#### Material for the task
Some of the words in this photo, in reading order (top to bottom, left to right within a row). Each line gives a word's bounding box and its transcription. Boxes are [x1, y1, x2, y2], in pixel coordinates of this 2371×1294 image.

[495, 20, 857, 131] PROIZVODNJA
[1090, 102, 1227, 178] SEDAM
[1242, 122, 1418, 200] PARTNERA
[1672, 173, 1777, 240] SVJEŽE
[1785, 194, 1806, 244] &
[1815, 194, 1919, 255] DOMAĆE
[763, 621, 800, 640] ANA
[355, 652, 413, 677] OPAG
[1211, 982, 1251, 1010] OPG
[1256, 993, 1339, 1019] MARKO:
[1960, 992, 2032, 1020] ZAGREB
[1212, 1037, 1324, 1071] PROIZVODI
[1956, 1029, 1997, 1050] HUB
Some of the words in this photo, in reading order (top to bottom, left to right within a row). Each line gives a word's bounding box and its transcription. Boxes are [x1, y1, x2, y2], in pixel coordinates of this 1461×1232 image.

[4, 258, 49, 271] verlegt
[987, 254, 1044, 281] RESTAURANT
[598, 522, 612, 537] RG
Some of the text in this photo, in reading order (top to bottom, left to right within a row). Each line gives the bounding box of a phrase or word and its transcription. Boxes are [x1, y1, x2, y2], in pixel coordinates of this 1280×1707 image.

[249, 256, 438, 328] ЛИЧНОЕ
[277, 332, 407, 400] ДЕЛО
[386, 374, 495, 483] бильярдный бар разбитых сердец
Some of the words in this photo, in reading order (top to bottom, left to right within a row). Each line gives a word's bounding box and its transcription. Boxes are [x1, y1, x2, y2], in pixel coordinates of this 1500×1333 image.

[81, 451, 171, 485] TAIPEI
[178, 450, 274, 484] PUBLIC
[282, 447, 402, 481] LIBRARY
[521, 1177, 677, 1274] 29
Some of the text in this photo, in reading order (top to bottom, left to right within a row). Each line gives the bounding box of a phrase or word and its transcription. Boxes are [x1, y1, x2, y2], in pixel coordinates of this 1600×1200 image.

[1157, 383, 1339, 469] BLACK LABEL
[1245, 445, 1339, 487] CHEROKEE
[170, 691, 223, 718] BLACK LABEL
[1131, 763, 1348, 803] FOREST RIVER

#### Problem requirements
A complete and exact repetition of the entries is required.

#### Exercise result
Some of the words in this photo, in reading order (top to bottom, left to right within a row). Each line gives a word's bounding box and its transcription. Boxes are [x1, y1, x2, y2], in pixel coordinates of this 2371×1294 image.

[495, 20, 857, 131] PROIZVODNJA
[1090, 102, 1227, 178] SEDAM
[1242, 122, 1418, 200] PARTNERA
[1672, 173, 1777, 240] SVJEŽE
[1785, 194, 1806, 244] &
[1815, 194, 1919, 255] DOMAĆE
[763, 621, 800, 640] ANA
[355, 652, 413, 677] OPAG
[1211, 982, 1251, 1010] OPG
[1256, 993, 1339, 1019] MARKO:
[1960, 992, 2032, 1020] ZAGREB
[1212, 1037, 1324, 1071] PROIZVODI
[1956, 1029, 1997, 1050] HUB
Some of the words in this photo, in reading order (top to bottom, left to right within a row). Each line gives a word's bounding box and its transcription. Boxes are [x1, y1, x2, y2], in pixel coordinates of this 1461×1232 image.

[4, 258, 49, 271] verlegt
[987, 254, 1044, 281] RESTAURANT
[598, 522, 612, 537] RG
Some of the text in this photo, in reading order (top to bottom, left to right within a row). Each line gives the bounding box of a phrase or word and its transcription. Boxes are [x1, y1, x2, y2], in pixel coordinates of this 1280×1707 image.

[249, 256, 438, 328] ЛИЧНОЕ
[277, 332, 407, 400] ДЕЛО
[386, 374, 495, 483] бильярдный бар разбитых сердец
Some of the words in this photo, in reading order (top to bottom, left to right within a row). Each line gives a word's bounding box and its transcription. Boxes are [x1, y1, x2, y2], in pixel coordinates of this 1500×1333 image.

[81, 451, 171, 485] TAIPEI
[178, 450, 274, 484] PUBLIC
[282, 447, 402, 481] LIBRARY
[521, 1177, 677, 1274] 29
Some of the text in this photo, in reading order (top to bottom, left to right within a row). Each line gives the bounding box of a phrase or word and its transcription. Boxes are [x1, y1, x2, y2], in pixel coordinates of this 1600×1200 image.

[1157, 383, 1339, 469] BLACK LABEL
[1245, 445, 1339, 487] CHEROKEE
[170, 691, 223, 718] BLACK LABEL
[1131, 763, 1348, 803] FOREST RIVER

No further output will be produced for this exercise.